Problem to solve: Apart from the images, reproduce every record word for word.
* * * * *
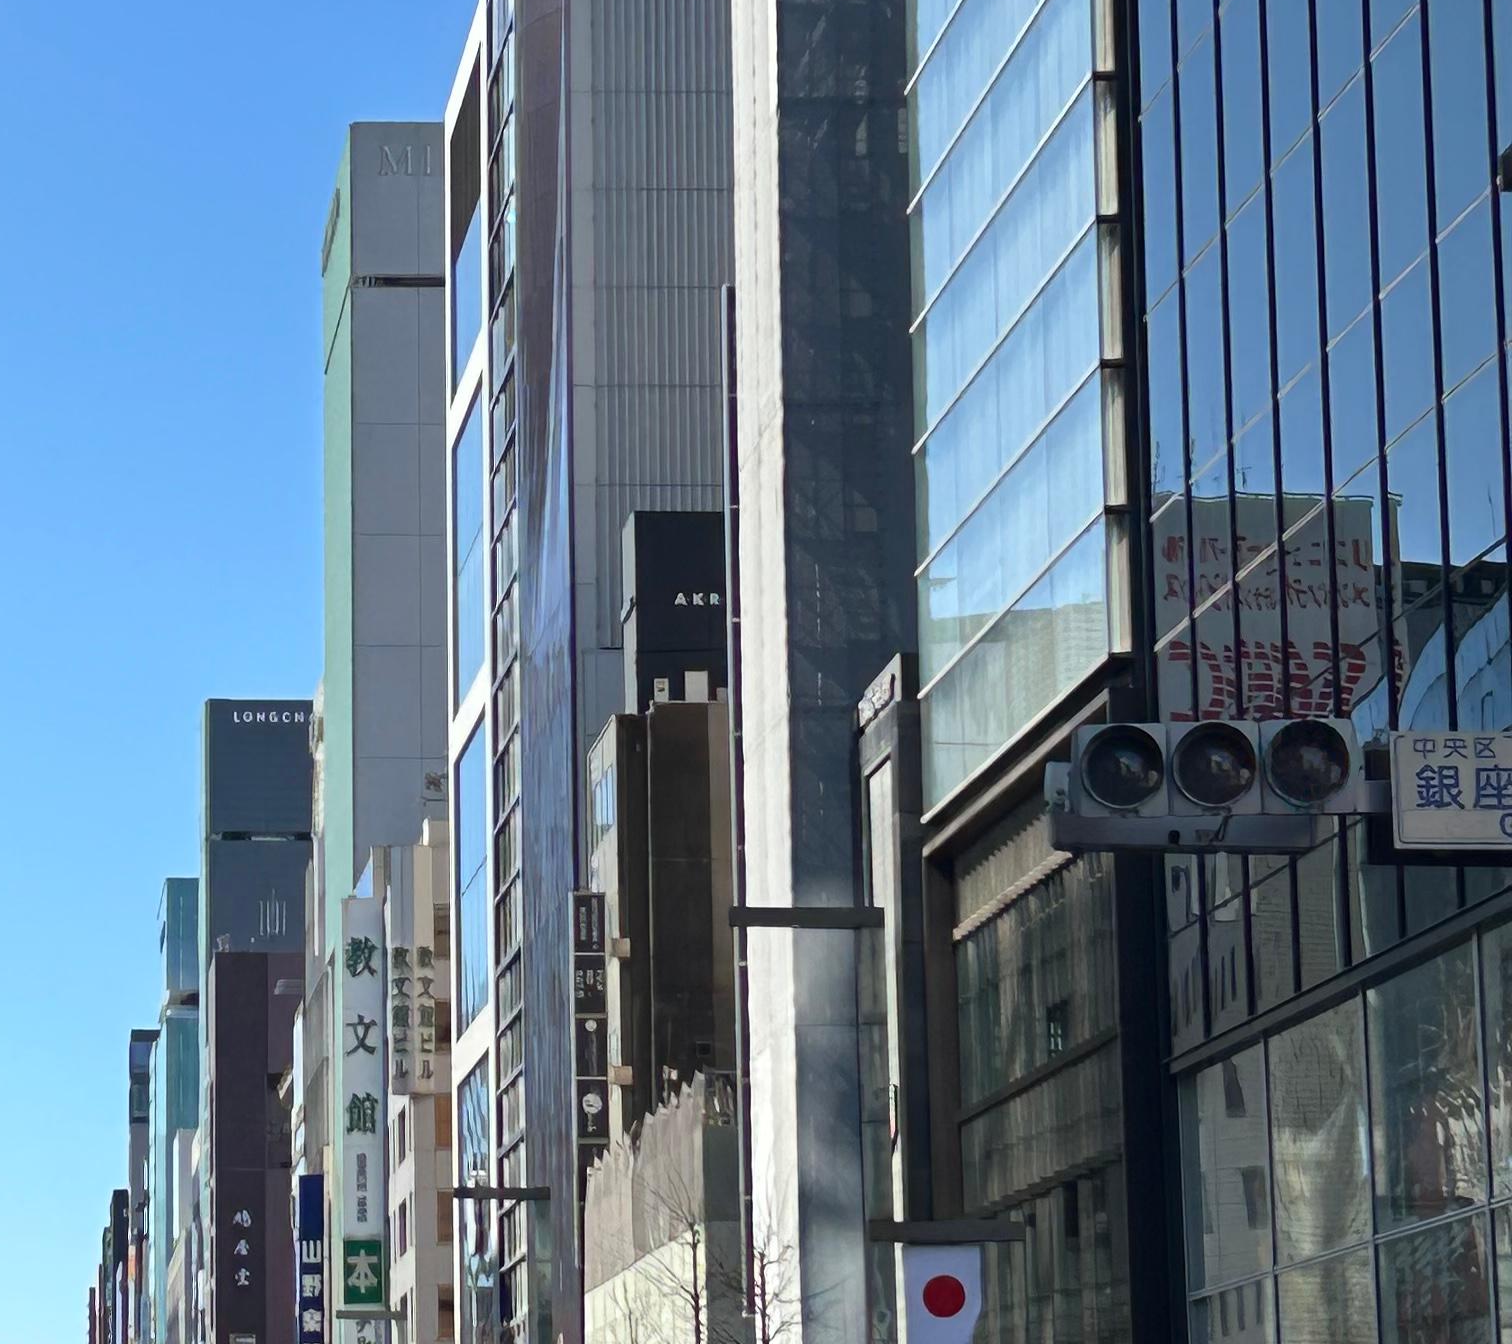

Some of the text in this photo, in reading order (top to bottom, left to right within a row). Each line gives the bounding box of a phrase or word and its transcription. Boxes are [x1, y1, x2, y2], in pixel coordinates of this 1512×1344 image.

[1413, 737, 1497, 760] 中央区
[1415, 763, 1512, 811] 銀座
[345, 935, 379, 1135] 教文館
[346, 1248, 379, 1295] 本
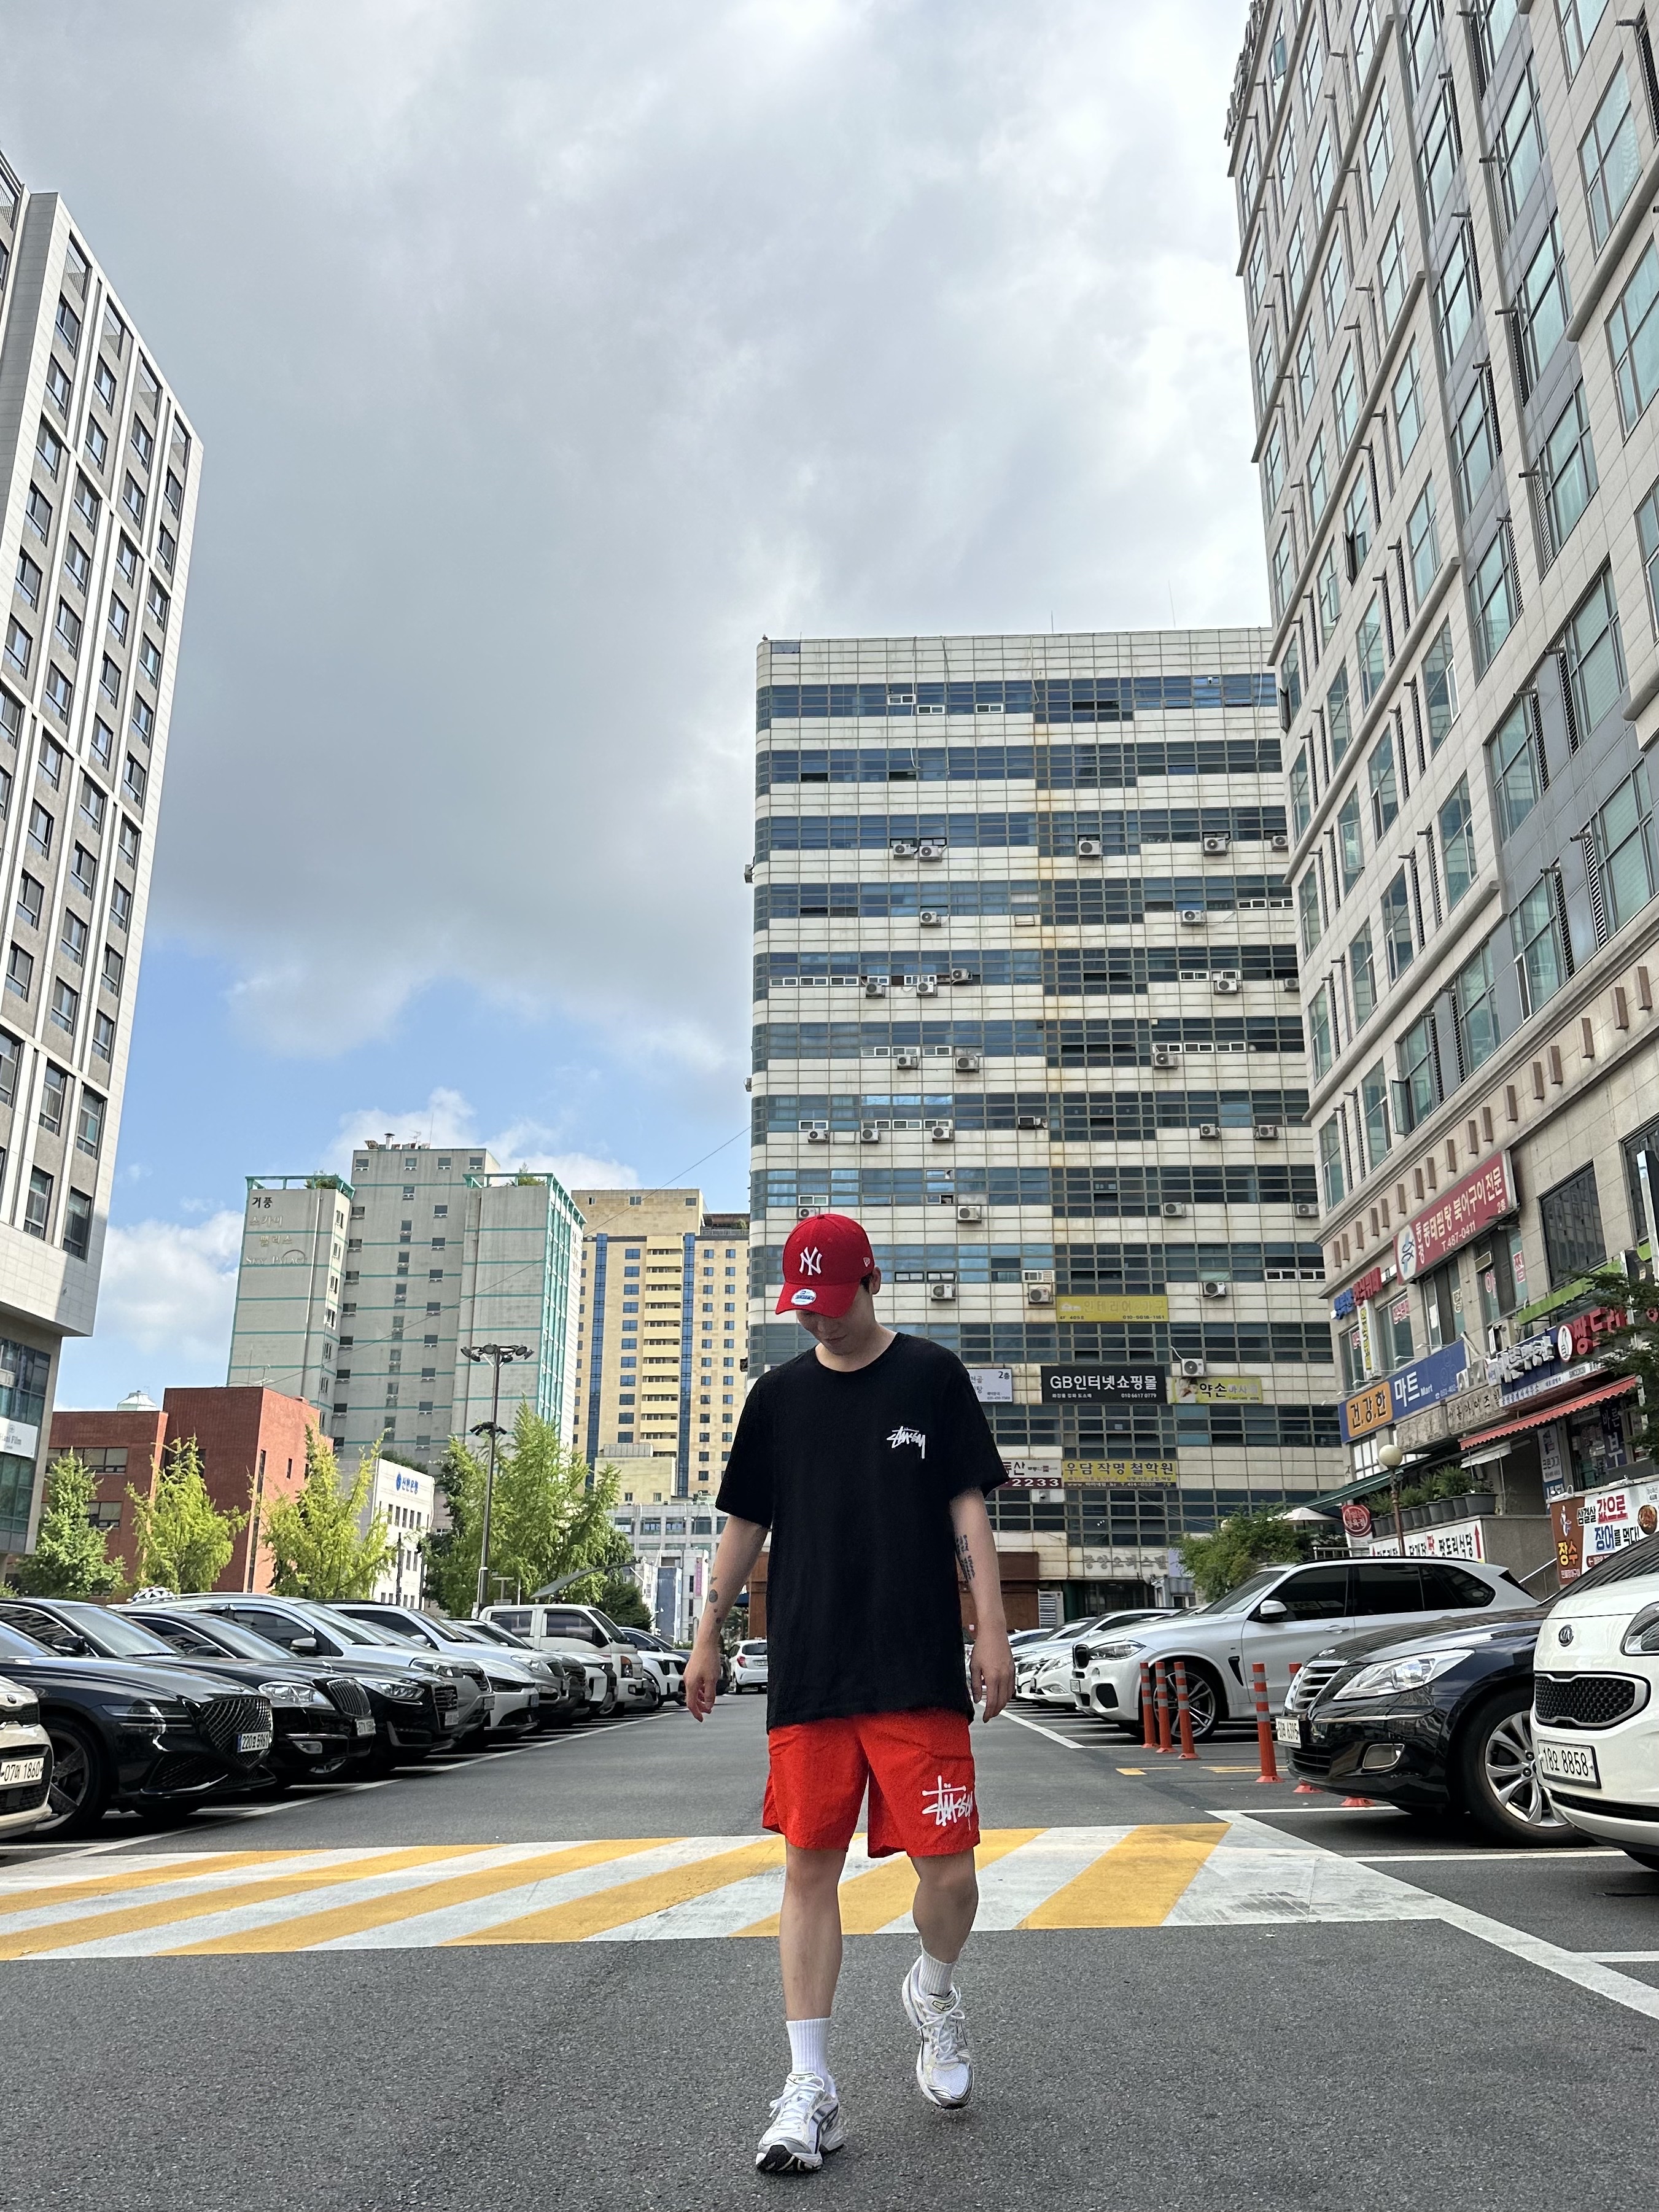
* * * * *
Solution for this problem:
Some of the text in this photo, in reading order (top to bottom, left to right within a row). Each line gives the bounding box of a phrase or word and its transcription. Boxes are [x1, y1, x2, y2], in pixel coordinates of this 1512×1344 image.

[1413, 737, 1497, 760] 中央区
[1415, 763, 1512, 811] 銀座
[345, 935, 379, 1135] 教文館
[346, 1248, 379, 1295] 本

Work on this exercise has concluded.